Название: Baas Gansendonck
Автор: Hendrik Conscience
Издательство: Public Domain
Жанр: Зарубежная классика
isbn:
isbn:
"Zwijg, schuimer, en denk, dat het van ons zweet is, dat gij zoo vet wordt."
"Tistje, Tistje, waarom zijt gij dus op mij gebeten? Gij kunt niet verdragen dat de zon in mijnen vijver schijnt. Kent gij dan het spreekwoord niet: wie een ander benijdt, vreet zijn hart en verkwist zijnen tijd? – Zoo ik nu eens wat minder kreeg, zoudt gij er iets te meer om hebben? Ben ik hoogmoedig? Doe ik u kwaad? Integendeel, ik verwittig u tegen dat de Baas komt, en ik steek u al dikwijls eene goede kanne bier door het keldergat. Gij zoekt waar het niet verloren is, Tistje."
"Ja, ja, wij kennen uwe mildheid; gij slacht den pastoor: die zegent iedereen, maar hij zegent zich zelven eerst."
"Hij heeft gelijk en ik ook; die den autaar dient, mag van den autaar leven."
"Het is waar!" riep een ander arbeider. "Kobe is een goede jongen, en ik wilde wel, dat mijne voeten in zijne schoenen staken; dan zou ik ook mijn brood verdienen met wolkskens rook naar de kraaien te blazen; buiksken vol, harteken rust."
"Ja, dikke buik, slapende voet; – volle krop, dolle kop!"
"Laat ze maar praten, Kobe, elkeen kan geene even schoone star aan den hemel hebben; en ik zeg, dat gij veel verstand hebt!"
"Niet meer verstand dan de paddenstoel, die daar aan den kerseboom zit," antwoordde Kobe met gemaakten ootmoed.
Allen zagen verwonderd op naar eene groote zwamschijf, die tusschen de zwaarste takken des kersebooms groeide. Even ras keerden zij het gezicht naar Kobe om uit hem, volgens gewoonte, eene kluchtige verklaring te bekomen.
"Ah, ah!" riep de koemeid, "niet meer verstand dan de paddenstoel! Dan moet gij al een schrikkelijke lomperik zijn!"
"Gij weet het niet, Mieken.
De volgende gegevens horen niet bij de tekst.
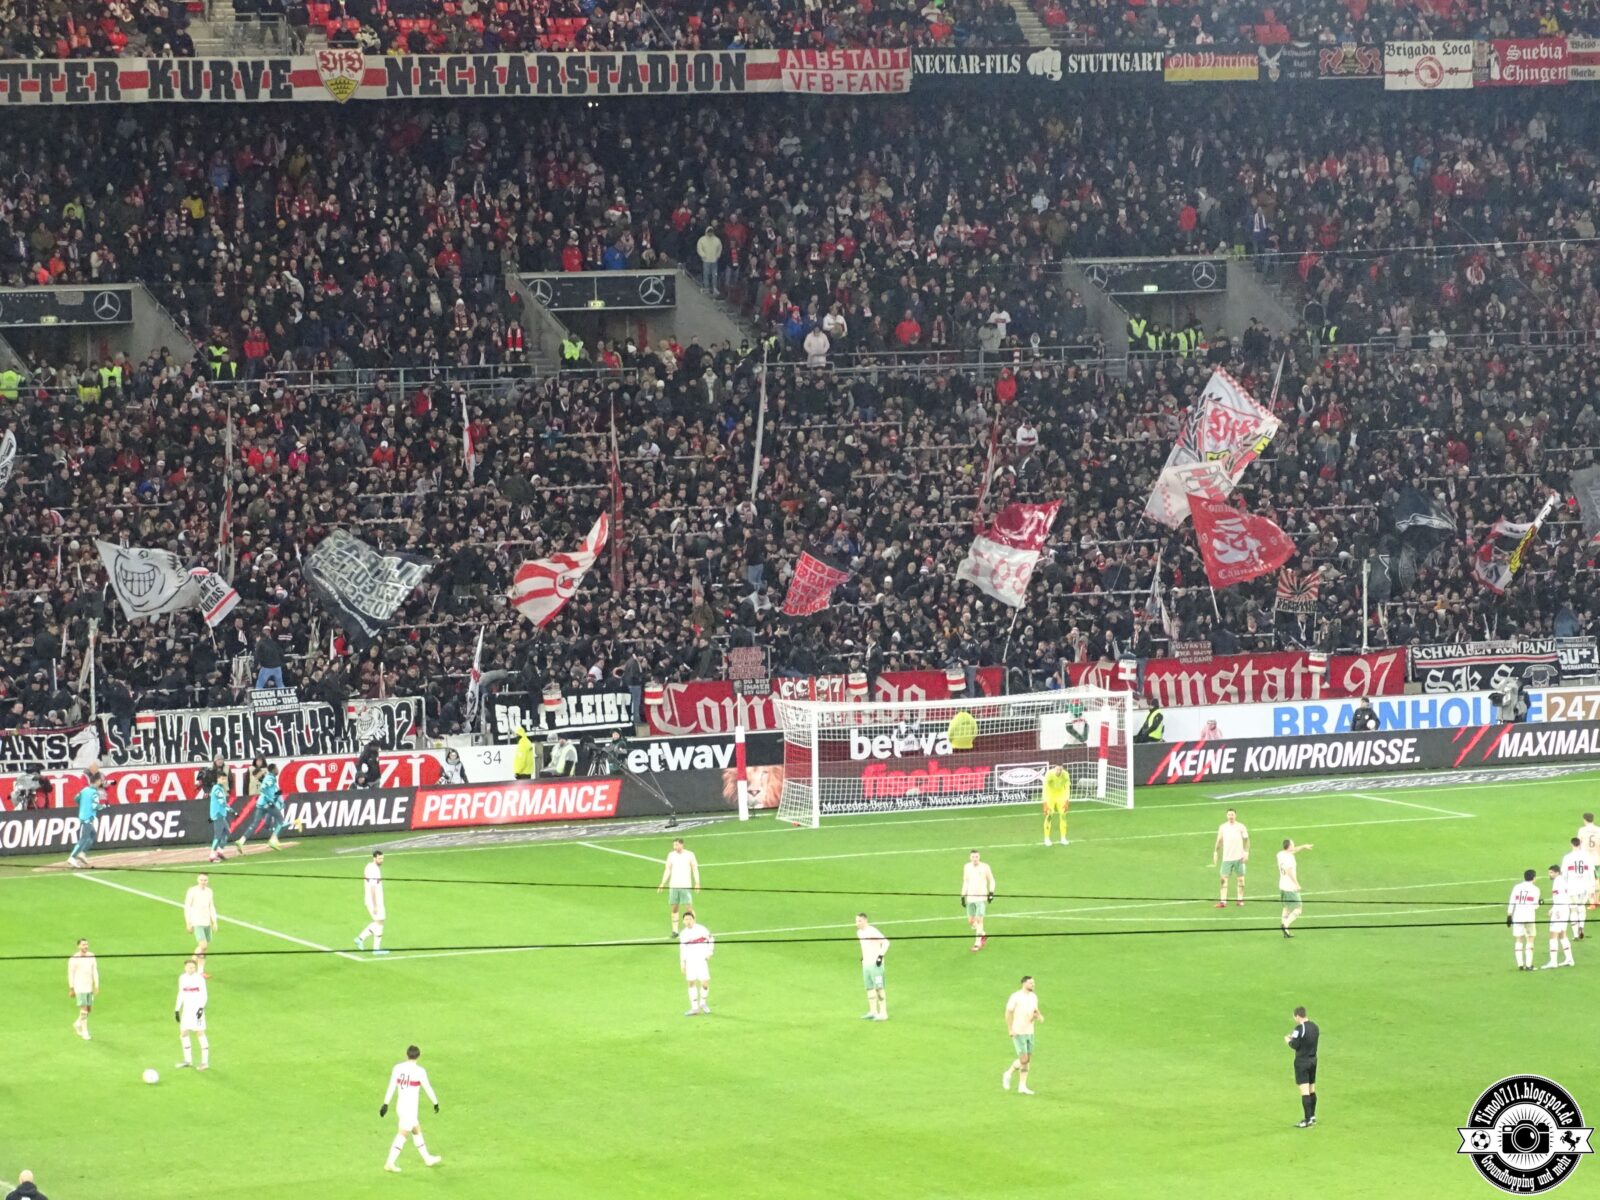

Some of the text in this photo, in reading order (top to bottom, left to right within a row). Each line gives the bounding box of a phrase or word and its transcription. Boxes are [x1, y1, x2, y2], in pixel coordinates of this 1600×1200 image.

[785, 48, 910, 70] ALBSTADT
[913, 51, 1164, 75] NECKAR-FILS STUTTGART
[1169, 52, 1199, 69] Old
[1385, 41, 1471, 60] Brigada Loca
[1506, 43, 1563, 61] Suebia
[148, 58, 293, 101] KURVE
[385, 52, 747, 97] NECKARSTADION
[789, 71, 906, 93] VFB-FANS
[1343, 653, 1397, 697] 97
[627, 743, 735, 774] etway
[1167, 737, 1421, 777] KEINE KOMPROMISSE.
[423, 784, 613, 823] PERFORMANCE.
Wat zegt het spreekwoord?.... Het werken is voor de botterikken. Ik doe niets. Dus?...."
"Maar wat heeft de paddenstoel daarmede te stellen?"
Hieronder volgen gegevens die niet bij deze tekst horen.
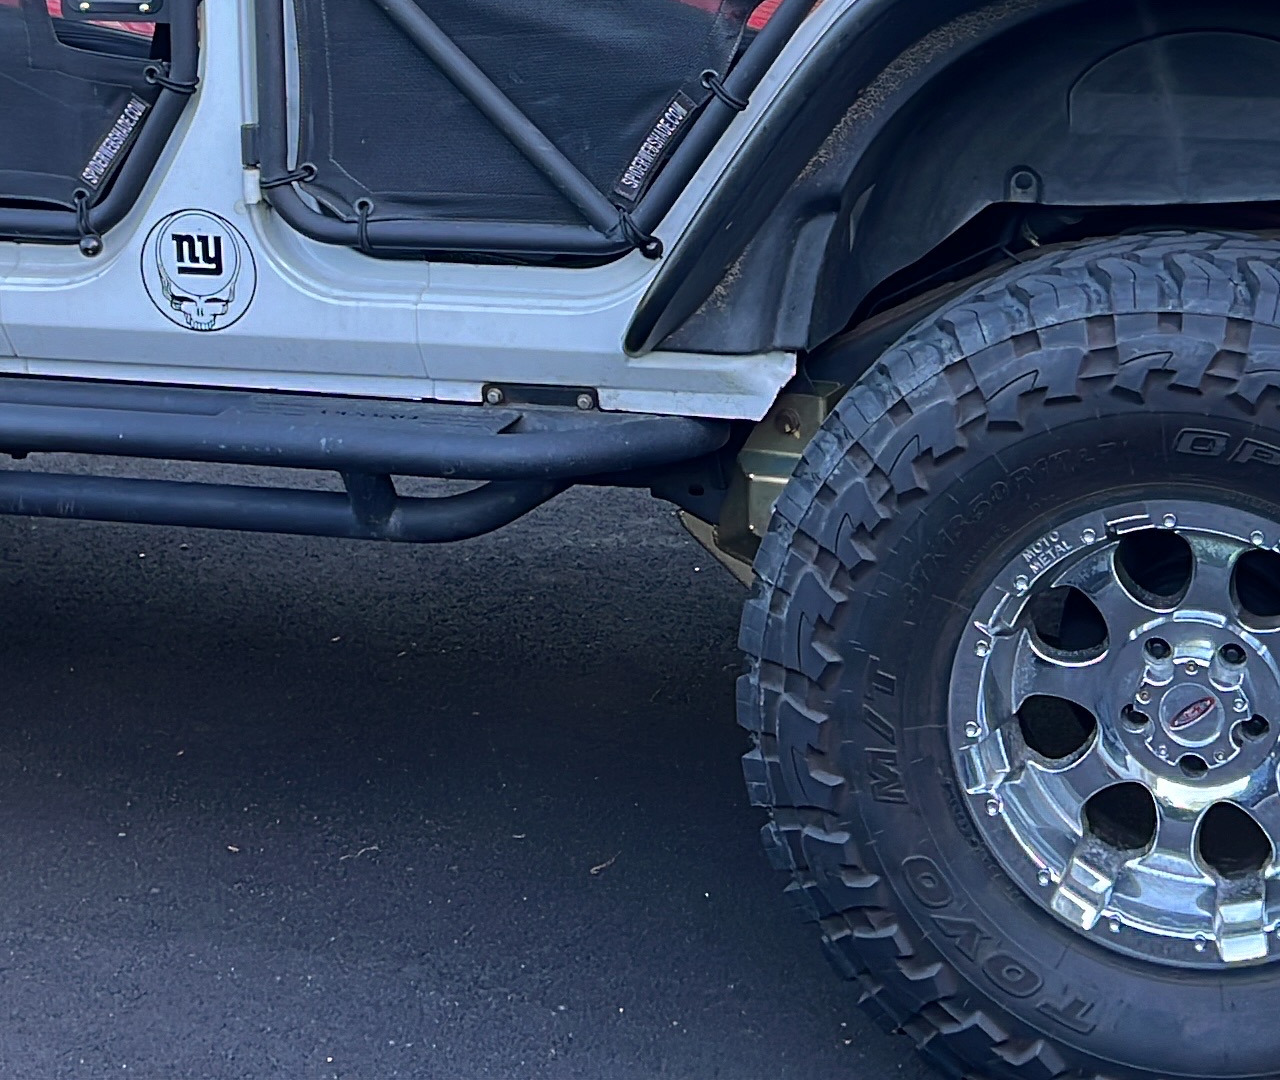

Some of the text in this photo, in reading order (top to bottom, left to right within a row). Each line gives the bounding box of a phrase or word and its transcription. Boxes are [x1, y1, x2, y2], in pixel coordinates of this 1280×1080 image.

[81, 98, 148, 187] SPIDERWEBSHADE.COM
[621, 100, 688, 190] SPIDERWEBSHADE.COM
[1021, 529, 1061, 563] MOTO
[1028, 540, 1074, 575] METAL
[901, 854, 1098, 1035] TOYO
"Zie, het is een raadsel: de schoone, groote kerseboom is onze Baas...."
"O, gij mouwveger!" riep de meid.
"En ik ben de arme ootmoedige paddenstoel...."
"Schijnheilige!" morde de gispende arbeider.
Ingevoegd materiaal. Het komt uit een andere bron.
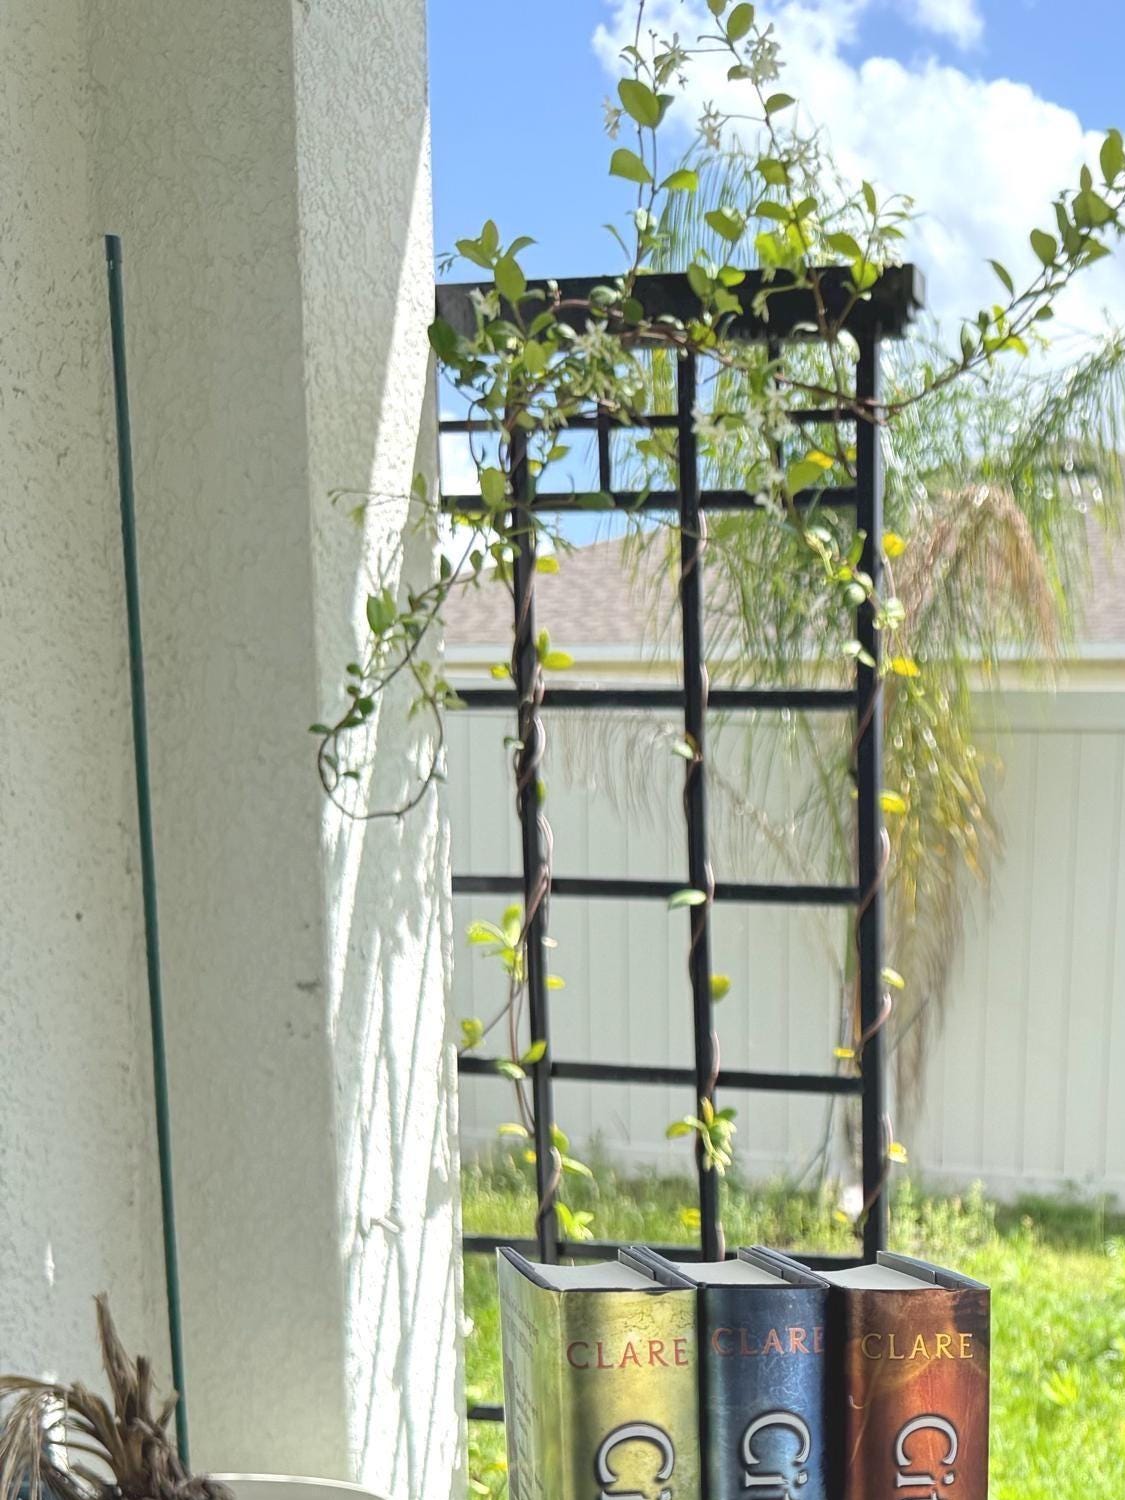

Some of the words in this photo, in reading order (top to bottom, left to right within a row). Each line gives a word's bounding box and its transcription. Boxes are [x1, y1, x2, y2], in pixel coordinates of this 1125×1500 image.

"En als gij dit kunt raden, zult gij weten, wat de kleine honden moeten doen, om met de groote uit denzelfden schotel te mogen eten zonder gebeten te worden."
Kobe meende hen nog langer met zijn dubbelzinnige woorden te plagen; maar hij vernam de stem van den Baas binnen in de afspanning, en zeide tot de arbeiders, terwijl hij zijne pijp in haren koker stak:
"Laat de boeren maar dorschen, jongens! Daar is onze brave vriendelijke Baas, die komt zien of het werk vooruitgaat."
"Wij gaan ons morgeneten krijgen: het zal weer geen klein geschreeuw zijn!" riep de koemeid, naar den bornput loopende.
"Zoo hij mij nog toesnauwt van dagdief en lompen boer, gelijk gisteren, dan werp ik hem den vlegel naar den kop," zeide een der arbeiders met gramschap.
"De kruik zou tegen den steen vechten, en zij viel aan stukken bij den eersten stoot," schertste Kobe.
"Wat mij betreft, ik lach met zijne scheldwoorden, en ik laat hem al aanrazen," sprak een tweede.
"Gij doet best," viel Kobe in, "zet uwe twee ooren wijd open, dan vliegt het langs hier in en langs daar uit. De Baas mag ook al wat hebben voor zijn geld. Geef hem gelijk, en doe wat hij zegt."
"Doen wat hij zegt? En als men het niet kan?"
"Dan geef hem toch gelijk, en doe het niet; – of liever, zeg niets en houd u, alsof gij van toeten noch blazen wist, en denk, dat zwijgen niet kan verbeterd worden."
"Alle menschen zijn menschen! Ik spot met zijne barschheid. Dat hij maar beginne, ik zal hem ook de tanden eens laten zien. Hij heeft geen recht om mij voor een beest uit te maken, al ben ik maar een werkman."
"Het is wel waar wat gij zegt, en toch slaat gij er nevens, Driesken," bemerkte Kobe. "Ieder moet zijne plaats in de wereld kennen. Wat zegt het spreekwoord? Zijt gij aanbeeld, verdraag als een aanbeeld; zijt gij hamer, sla als een hamer. Daarenboven, een klein, goed woord breekt groote gramschap. En wilt gij het beter hebben, gedenk, dat het moeielijk is met azijn vliegen of met trommelen hazen te vangen...."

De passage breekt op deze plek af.